Where does lipid amphotericin-B fit in?

Despite a dearth of clinical data, clinicians seem to be warming to the use of lipid formulations of amphotericin-B (AB) for severe fungal infections — perhaps because there’s nowhere else to go with drug therapy until newer agents come on line.

The main appeal of lipid AB is that it’s less toxic to the kidneys than standard amphotericin. It can be dosed higher, and some studies at least suggest it may be more effective than the older product — for example, in the emergency treatment of aspergillosis. John R. Wingard, MD, of the University of Florida in Gainesville, summarized what is known about lipid AB: "Efficacy has not been compromised by the lipid formulation; nephrotoxicity is less; perhaps there’s a greater response rate. But it needs further study."

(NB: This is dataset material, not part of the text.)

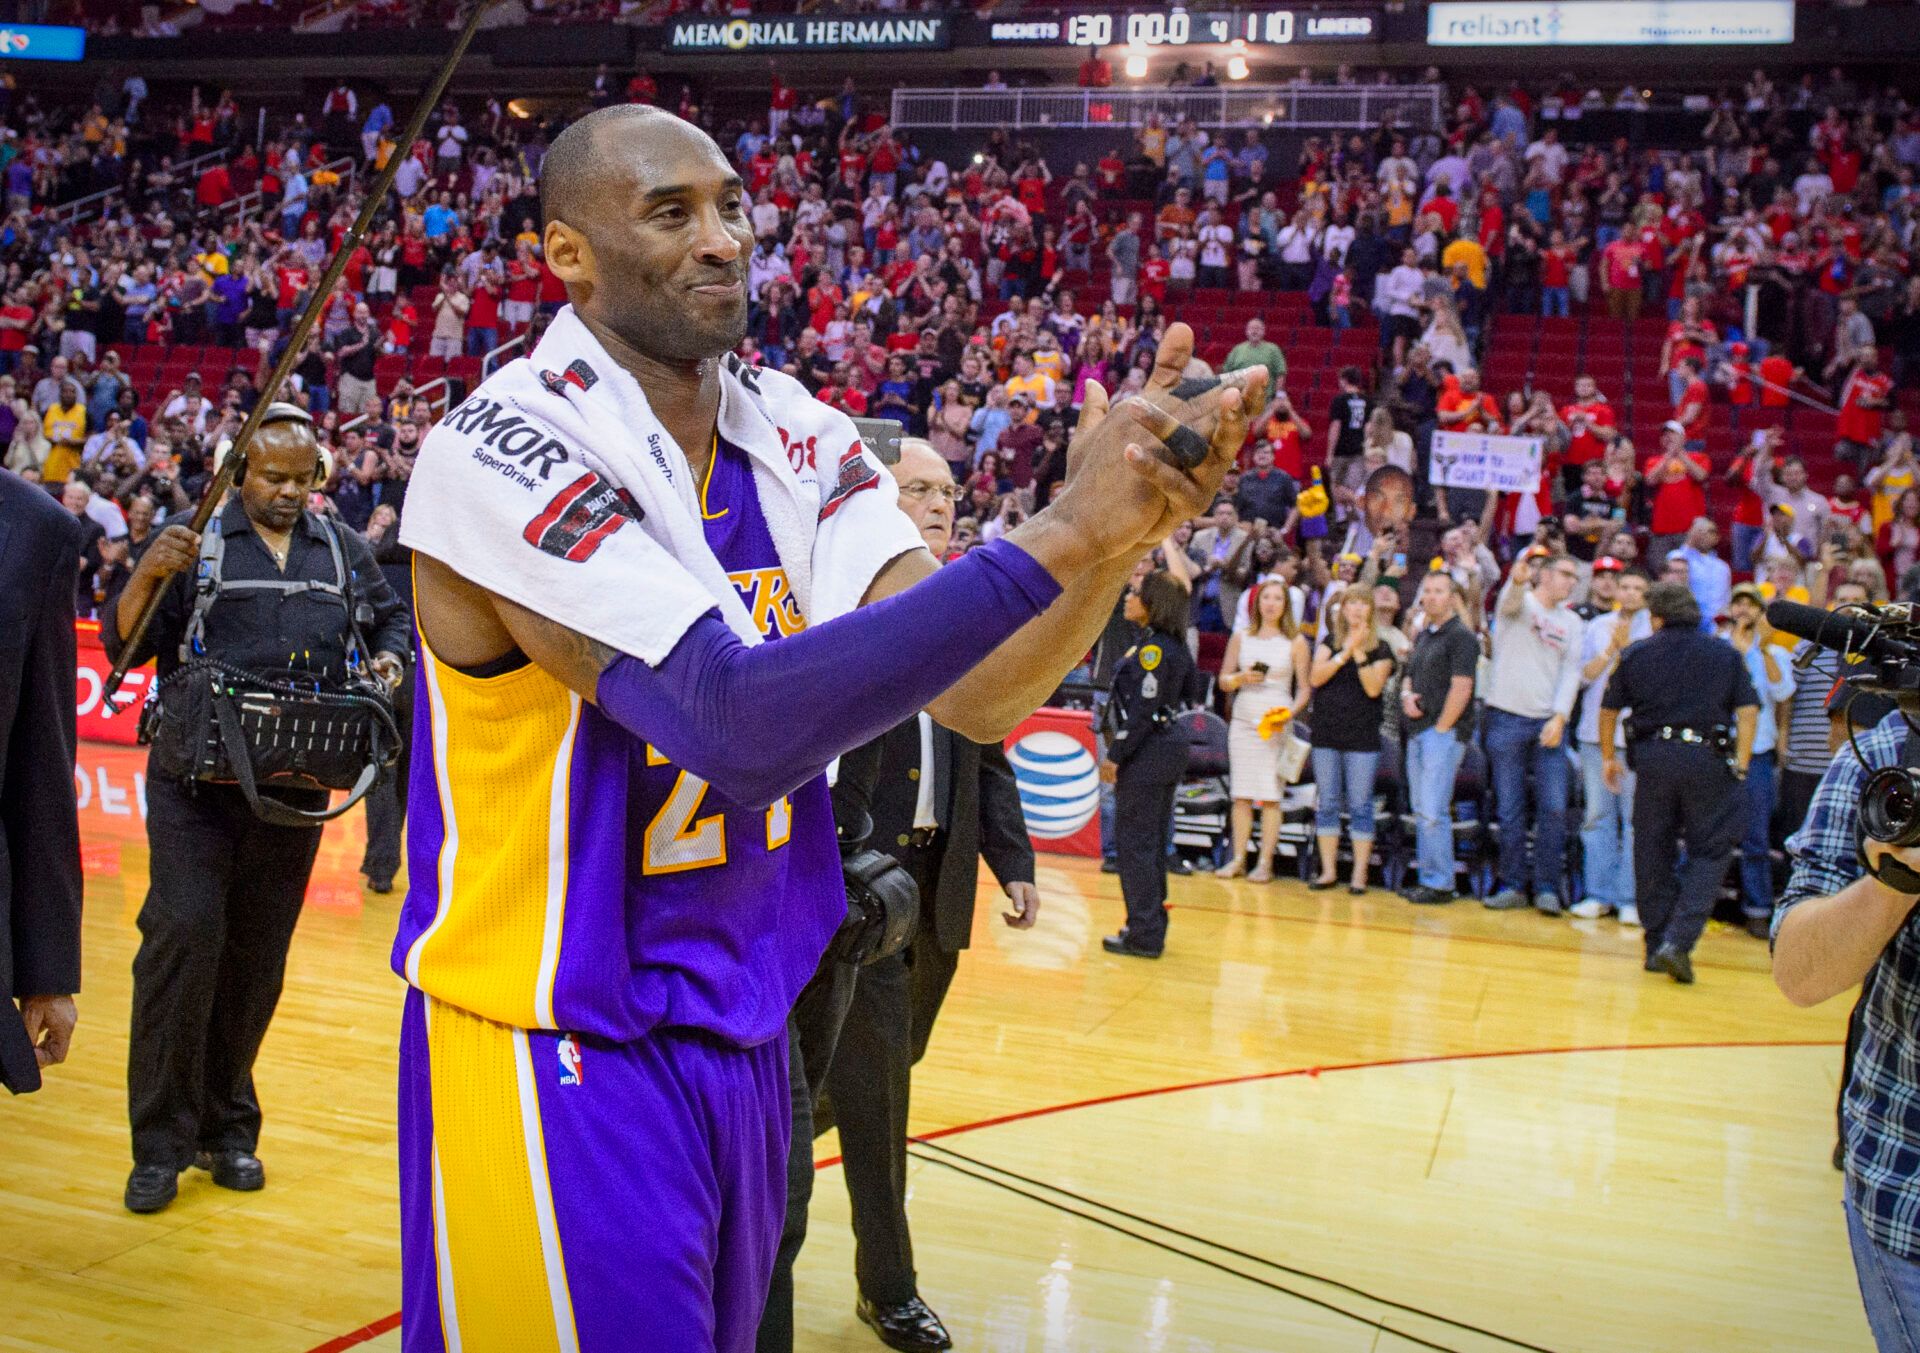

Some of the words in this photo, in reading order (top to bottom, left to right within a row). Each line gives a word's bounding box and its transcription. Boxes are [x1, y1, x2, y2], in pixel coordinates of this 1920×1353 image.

There’s one more thing known about lipid AB: It’s expensive. A day of lipid AB therapy might cost hundreds of dollars compared to less than $10 for the regular solution.

Still, there are some situations in which the lipid product might be cost-effective, such as in liver transplant patients who develop disseminated fungal disease, suggests Victor L. Yu, MD, of the University of Pittsburgh/VA Medical Center.

"Start out immediately with lipid amphotericin-B." Yu says. "My reason: The incidence and frequency of renal dysfunction are very high in these patients."

He says the lipid formulations also are a good choice in bone marrow transplants: A recent study showed that as a group, bone marrow transplant patients with fungal infections did better using lipid AB than regular.

But for some transplant patients — heart and lung, for example — cost outweighs benefits when it comes to lipid AB — at least until more studies come along. These patients respond well to plain amphotericin-B, Yu says.

Even though amphotericin-B is highly toxic, there is some interest in using it prophylactically — albeit in unusual forms and doses. Ben E. dePauw, MD, of the University Hospital in Nijmegen, Netherlands, says two studies showed fewer fungal infections with a prophylaxis of amphotericin-B nasal spray. Studies also have shown lower rates of infection with an inhalation form of the drug. The rationale behind using these dosage forms is simple: Fungi are usually breathed in, and the nasal passages often are the first site of colonization. On the other hand, dePauw says the impact of low-dose intravenous amphotericin-B on preventing fungal infections is "doubtful."

For pharmacists, one of the problems with amphotericin-B is that blood levels of the drug don’t correlate well with effectiveness or toxicity, according to Thomas C. Hardin, PharmD, of the University of Texas Health Science Center in San Antonio. Hardin says things don’t improve much on the monitoring end when it comes to the lipid formulations, either. Levels of these agents tend to differ with brand.

In fact, about the only two places in antifungal therapy where therapeutic drug monitoring can provide meaningful data are with fluocytosine (where levels should remain below 100 mcg/ml) and with itraconazole, which is poorly absorbed. While no "target" serum concentration has been defined for fluconazole yet, average doses produce blood levels of 10 to 30 mcg/ml, Hardin says.